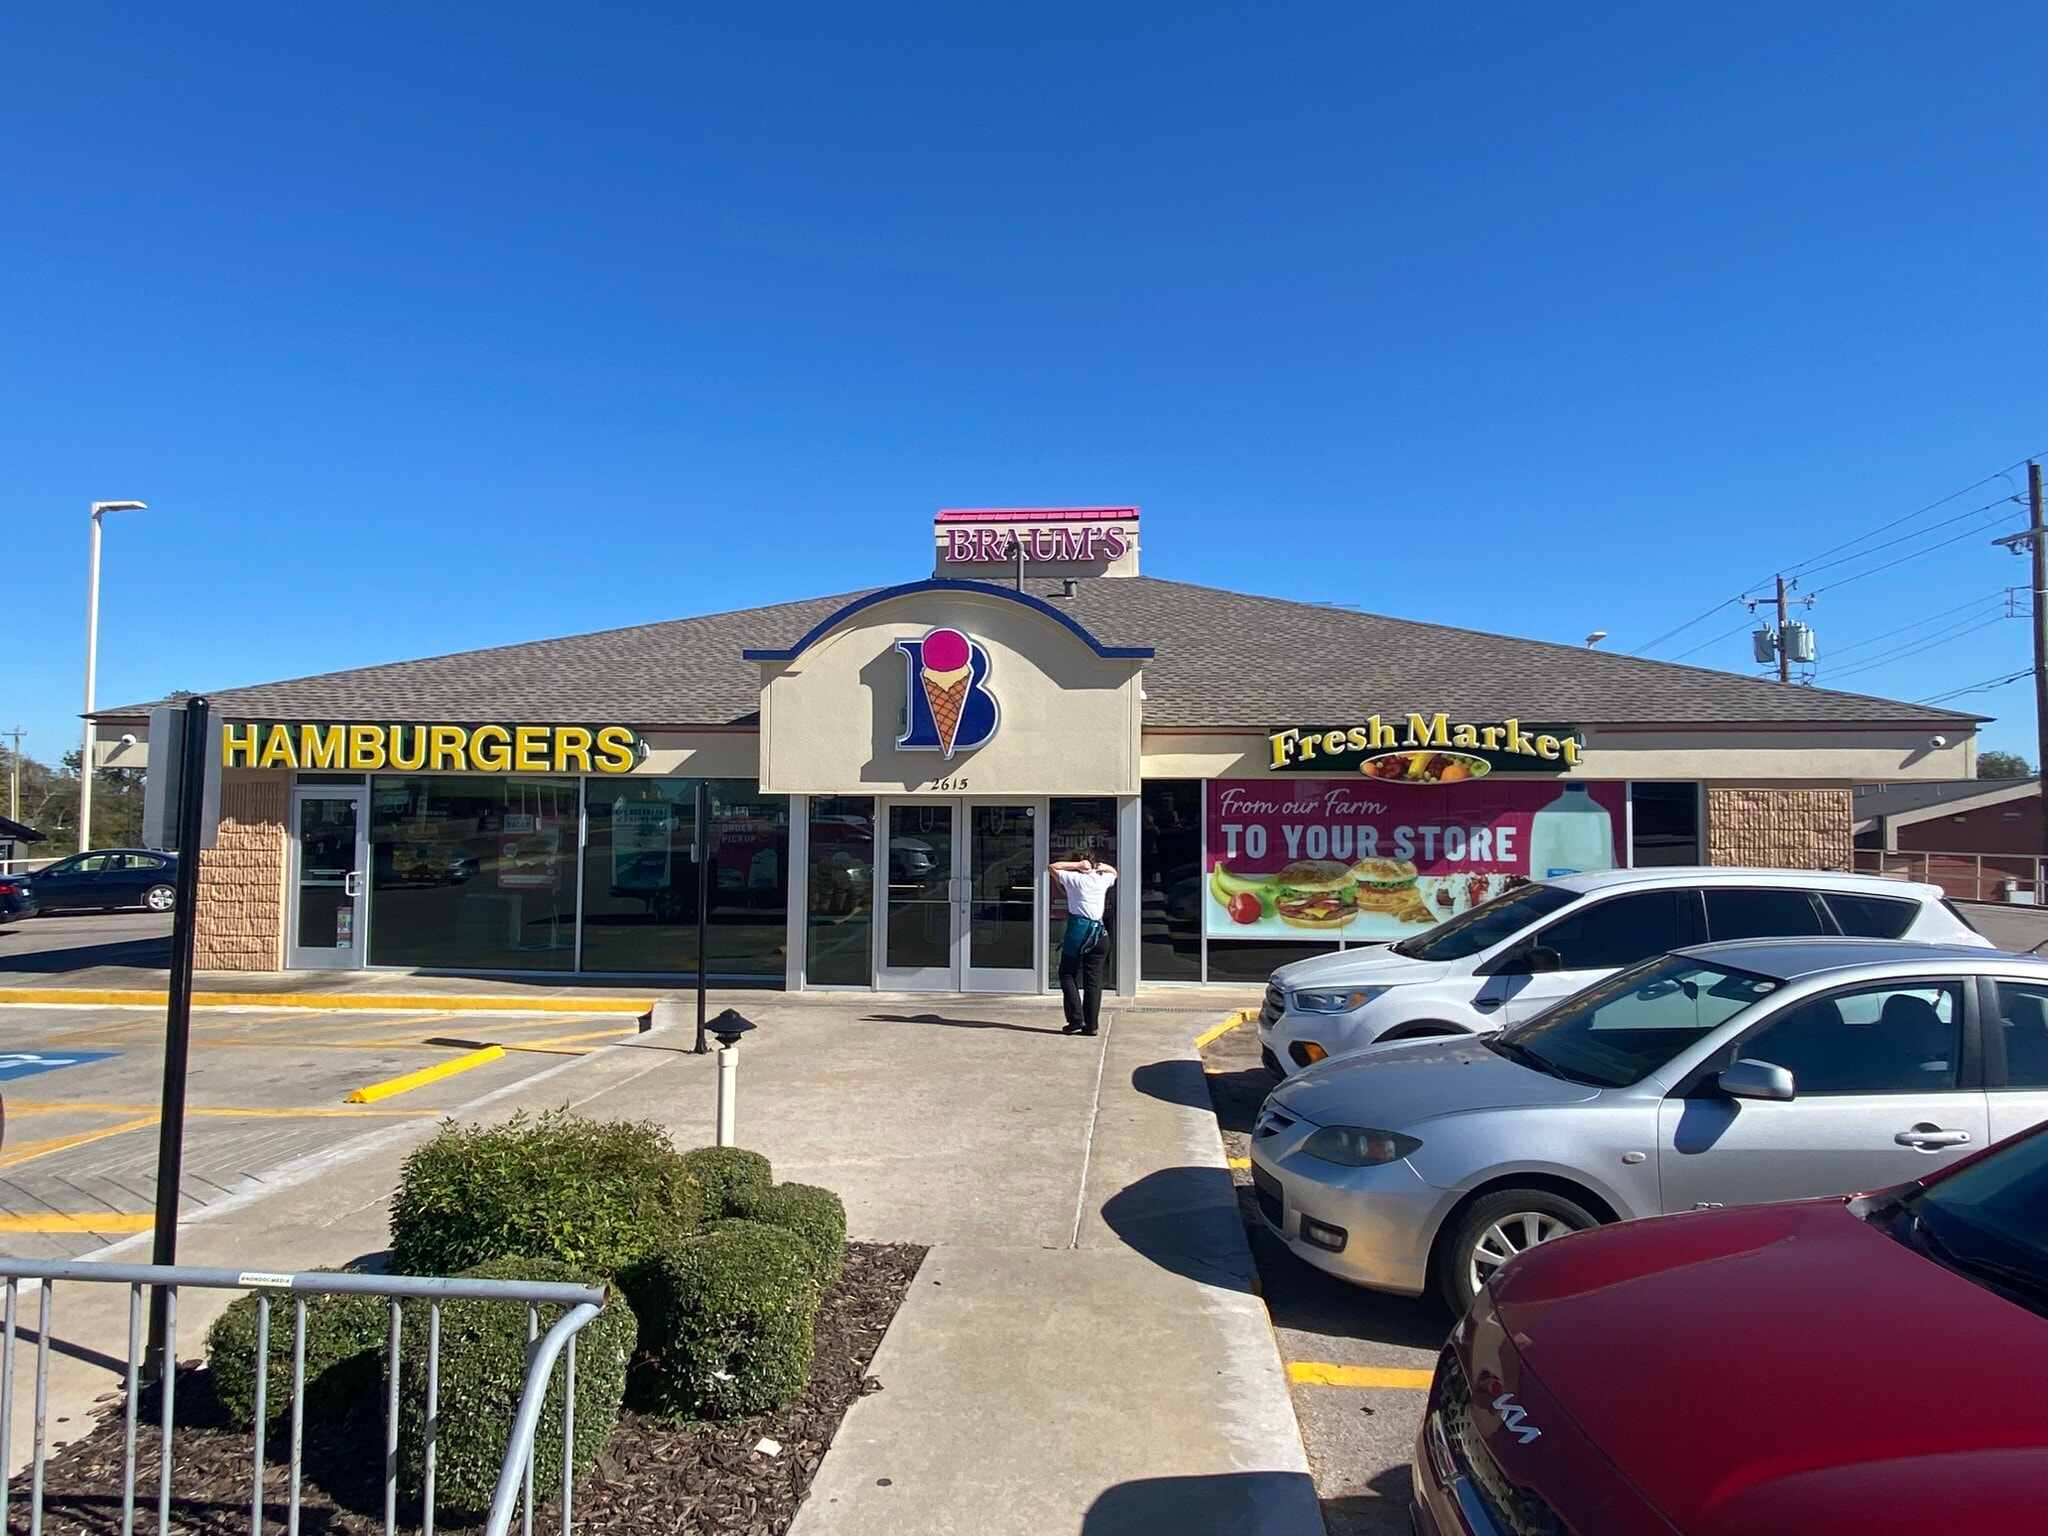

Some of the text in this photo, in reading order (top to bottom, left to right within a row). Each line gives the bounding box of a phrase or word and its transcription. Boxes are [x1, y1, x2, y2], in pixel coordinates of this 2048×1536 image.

[946, 527, 1127, 562] BRAUM'S
[222, 723, 637, 773] HAMBURGERS
[1268, 713, 1584, 769] Fresh Market
[931, 777, 969, 791] 2615
[1220, 788, 1388, 817] From our Farm
[722, 834, 757, 844] PICKUP
[1057, 835, 1105, 848] DINNER
[1221, 824, 1517, 862] TO YOUR STORE
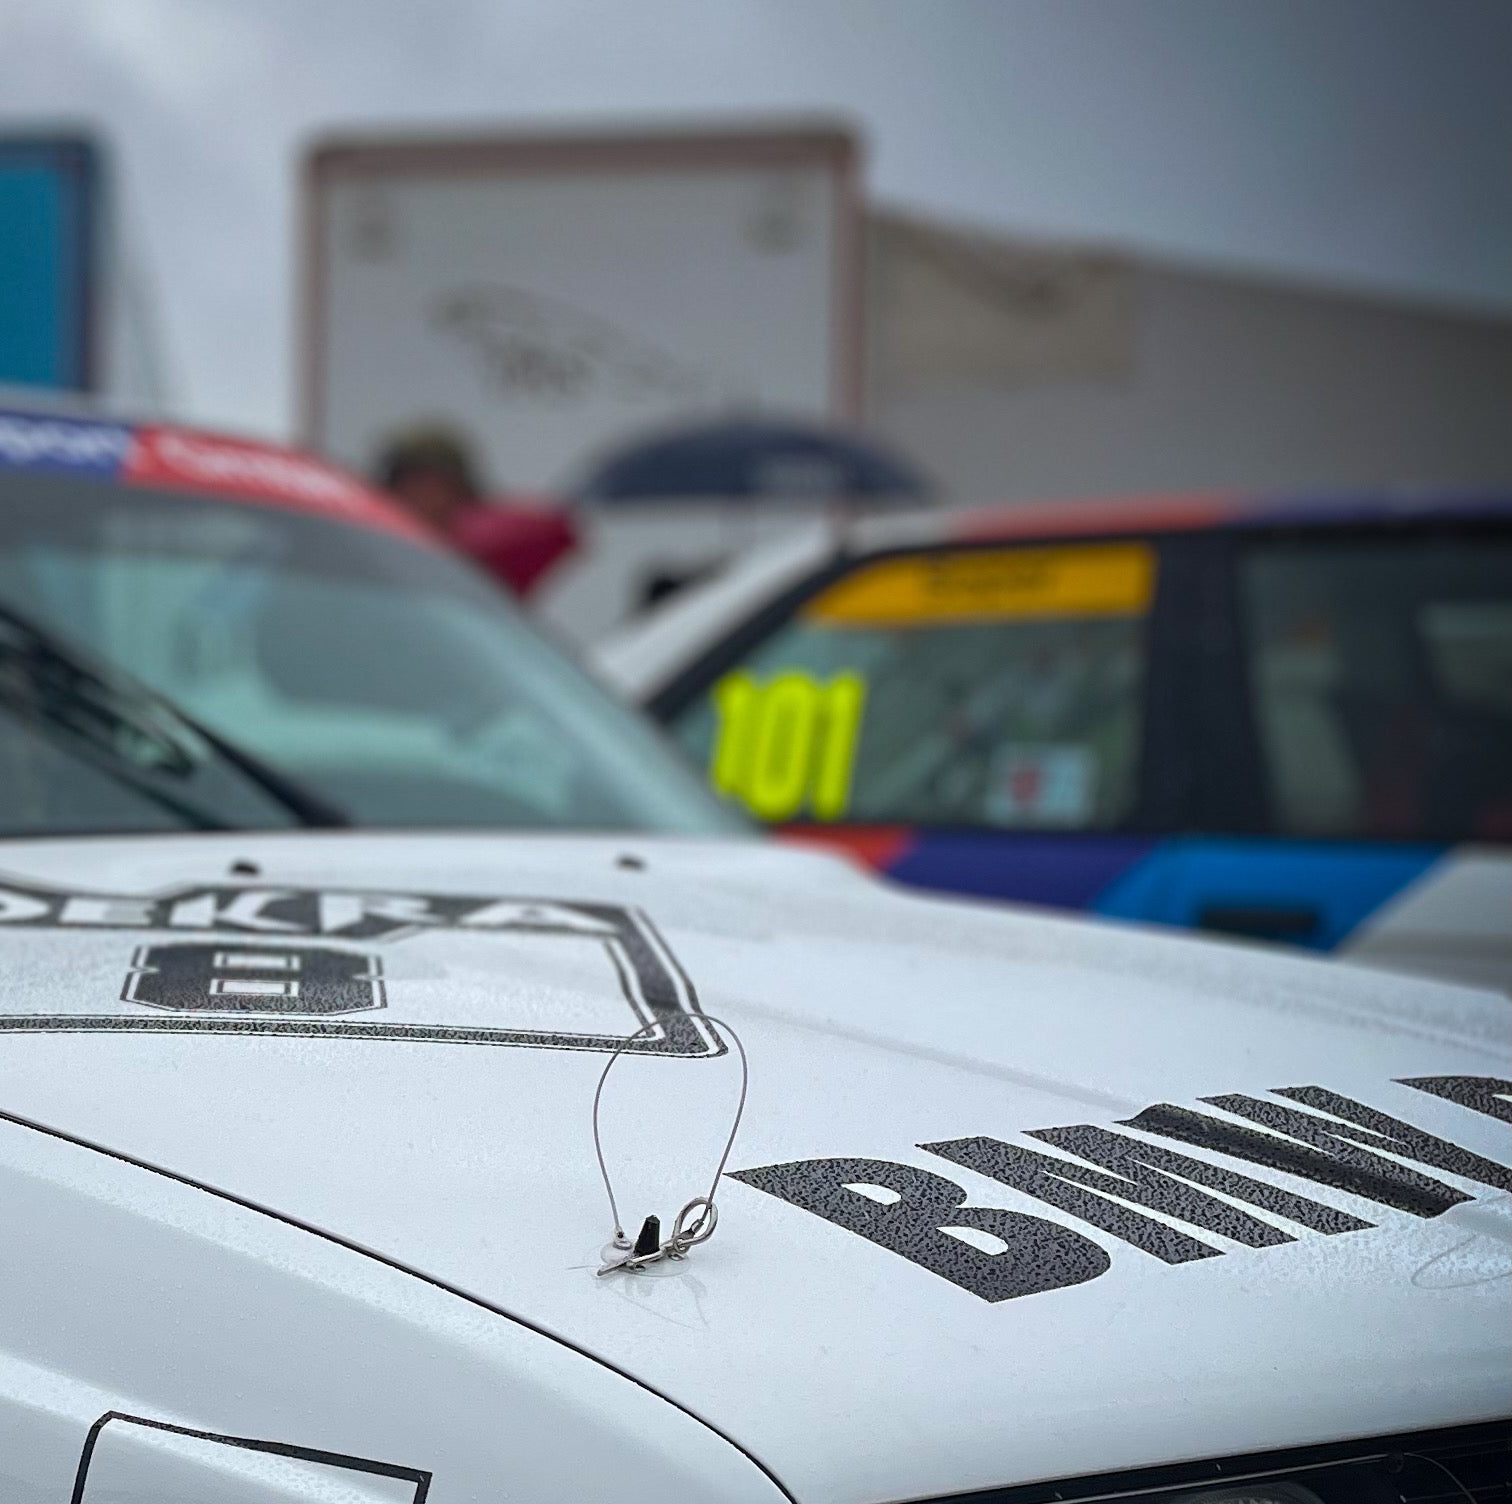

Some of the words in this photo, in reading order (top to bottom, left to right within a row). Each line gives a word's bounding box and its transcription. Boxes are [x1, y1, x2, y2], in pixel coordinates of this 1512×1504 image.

[710, 667, 867, 822] 101
[120, 941, 388, 1017] 8
[723, 1074, 1512, 1303] BMW
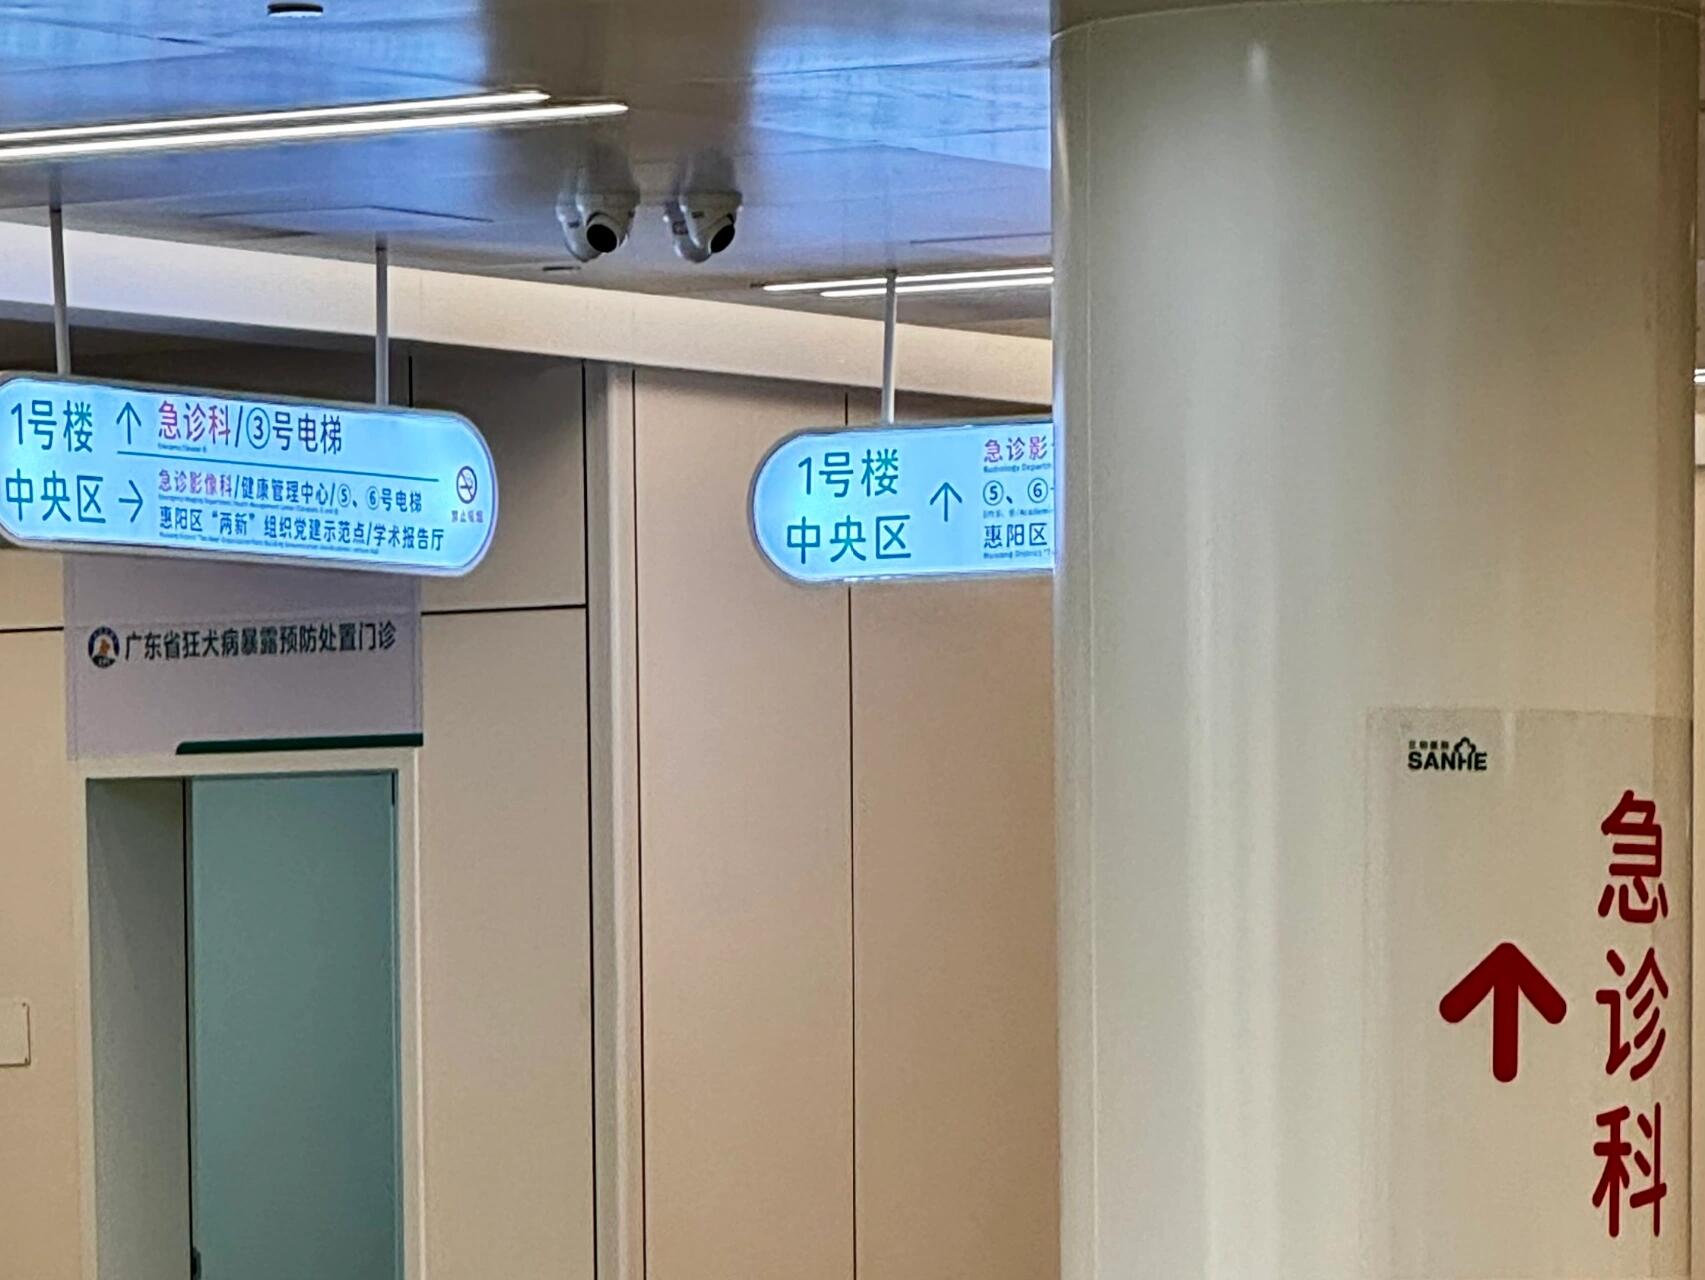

### BRIEF:
Each record is to be restated word for word; no picture goes in.

### EXERCISE RESULT:
Some of the text in this photo, in reading order (top to bottom, left to right within a row). Each line gives the bounding box of a phrase or word and its transcription. Boxes are [x1, y1, x2, y2], in pixel coordinates of this 2048×1536 image.

[946, 527, 1127, 562] BRAUM'S
[222, 723, 637, 773] HAMBURGERS
[1268, 713, 1584, 769] Fresh Market
[931, 777, 969, 791] 2615
[1220, 788, 1388, 817] From our Farm
[722, 834, 757, 844] PICKUP
[1057, 835, 1105, 848] DINNER
[1221, 824, 1517, 862] TO YOUR STORE

Some of the words in this photo, in reading order (top to bottom, left to right within a row). Each line gives a word's bounding box and its transcription. Boxes are [x1, y1, x2, y2], in pixel coordinates of this 1512×1504 image.

[710, 667, 867, 822] 101
[120, 941, 388, 1017] 8
[723, 1074, 1512, 1303] BMW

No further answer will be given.